Traumatic brain injury (TBI) poses significant health risks, yet the correlation between impact intensity and neuropathological outcomes remains unclear due to limitations in existing animal models. We aimed to elucidate impact-dependent changes in adult neurogenesis and Chronic Traumatic Encephalopathy (CTE)-like signatures using a novel Quantitatively Controlled and Measured-TBI (QCM-TBI) system. We subjected male C57BL/6 mice to precise closed-head injuries at two force levels (F20: 21.7 mNs; F40: 41.1 mNs) and performed transcriptomic analysis, immunohistochemistry, electron microscopy, and behavioral assessments, comparing findings with human CTE post-mortem tissues. Results demonstrated that QCM-TBI induced a force-dependent downregulation of hippocampal neuronal genes, particularly those related to synaptic function and neurogenesis (Dcx, NeuroD1, Syn1), which significantly overlapped with gene signatures downregulated in CTE patients.
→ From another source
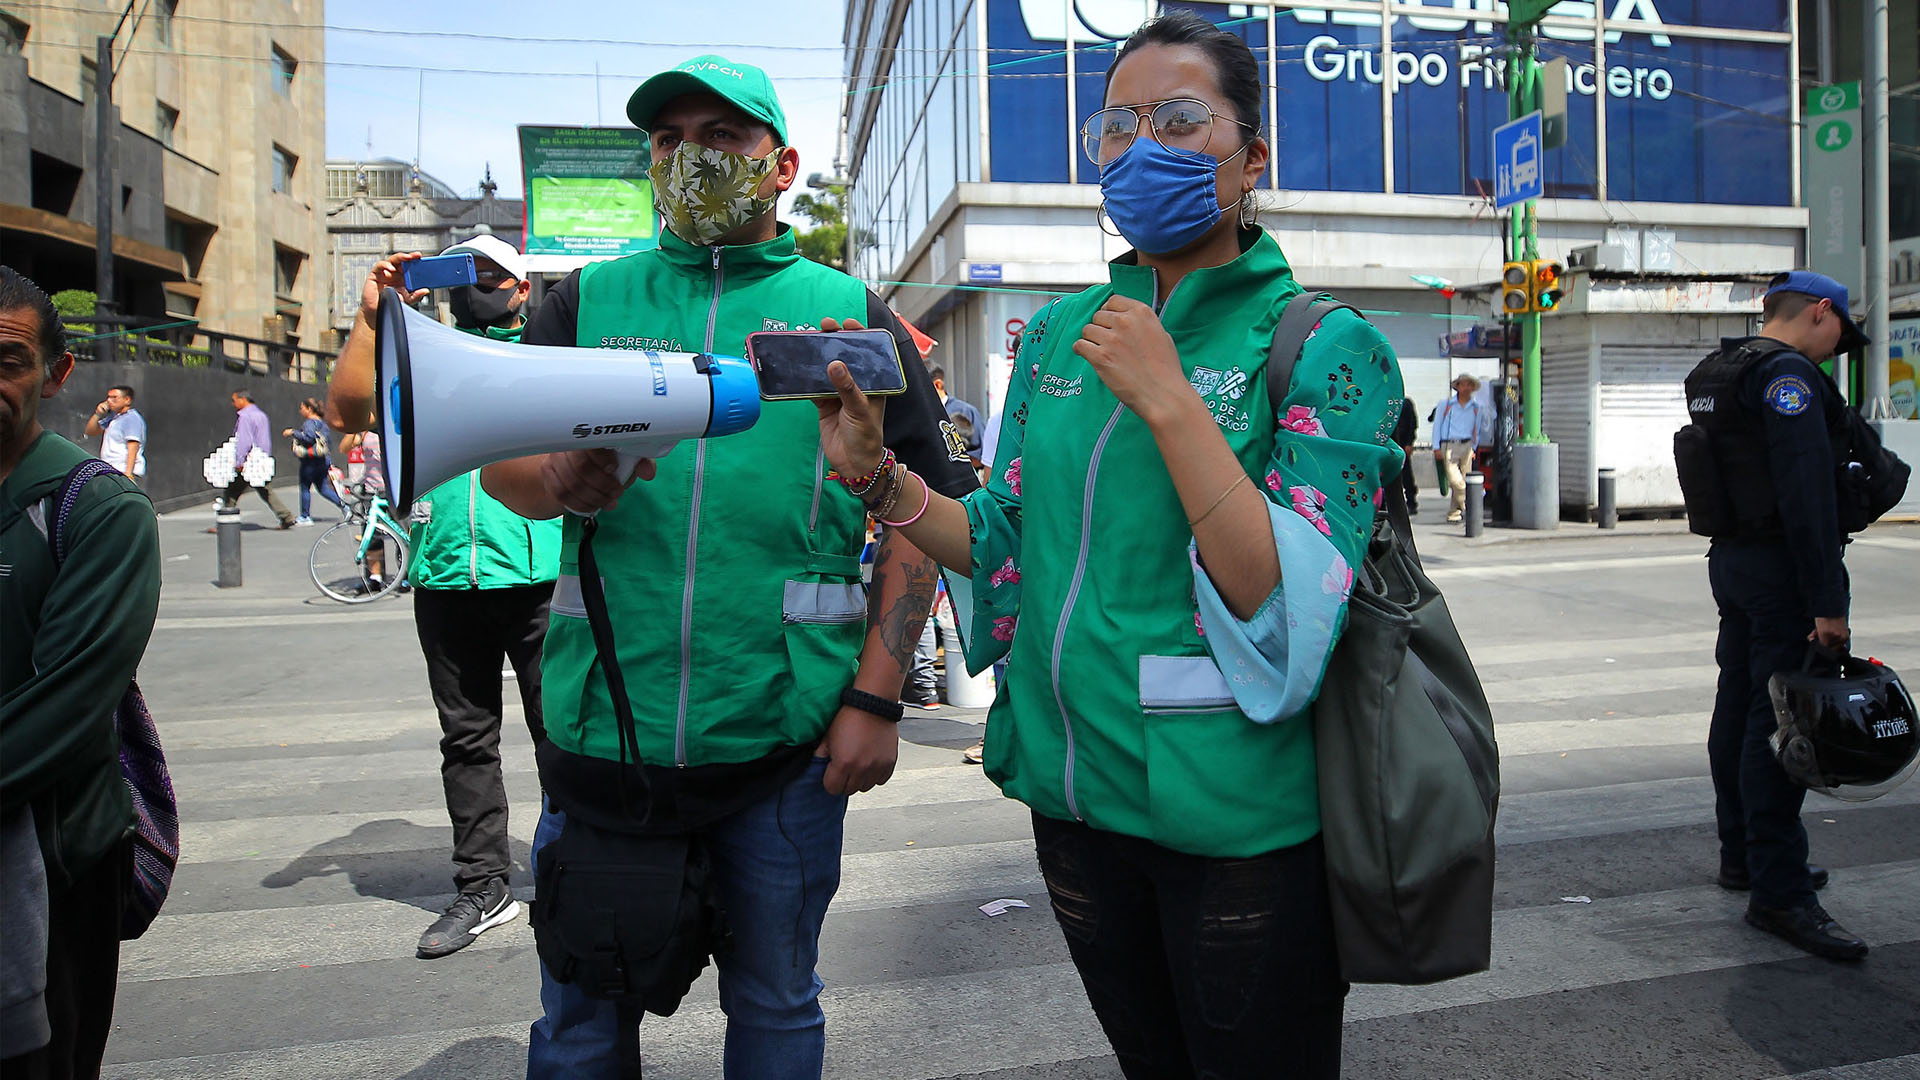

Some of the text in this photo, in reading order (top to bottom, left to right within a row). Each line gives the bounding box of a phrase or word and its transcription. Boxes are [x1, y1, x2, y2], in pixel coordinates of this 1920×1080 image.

Neuropathologically, mice exhibited impact-dependent increases in phosphorylated Tau (p-Tau) and amyloid precursor protein (APP), alongside axonal damage and myelin disruption, mirroring key CTE features. Behavioral tests revealed that higher impact forces led to delayed recovery, increased anxiety-like behavior, and memory deficits. We conclude that mechanical impact intensity directly correlates with impaired neurogenesis and the onset of CTE-like pathology. The QCM-TBI system provides a validated, force-responsive model for dissecting the biomechanical mechanisms of TBI and identifying therapeutic targets for trauma-induced neurodegeneration.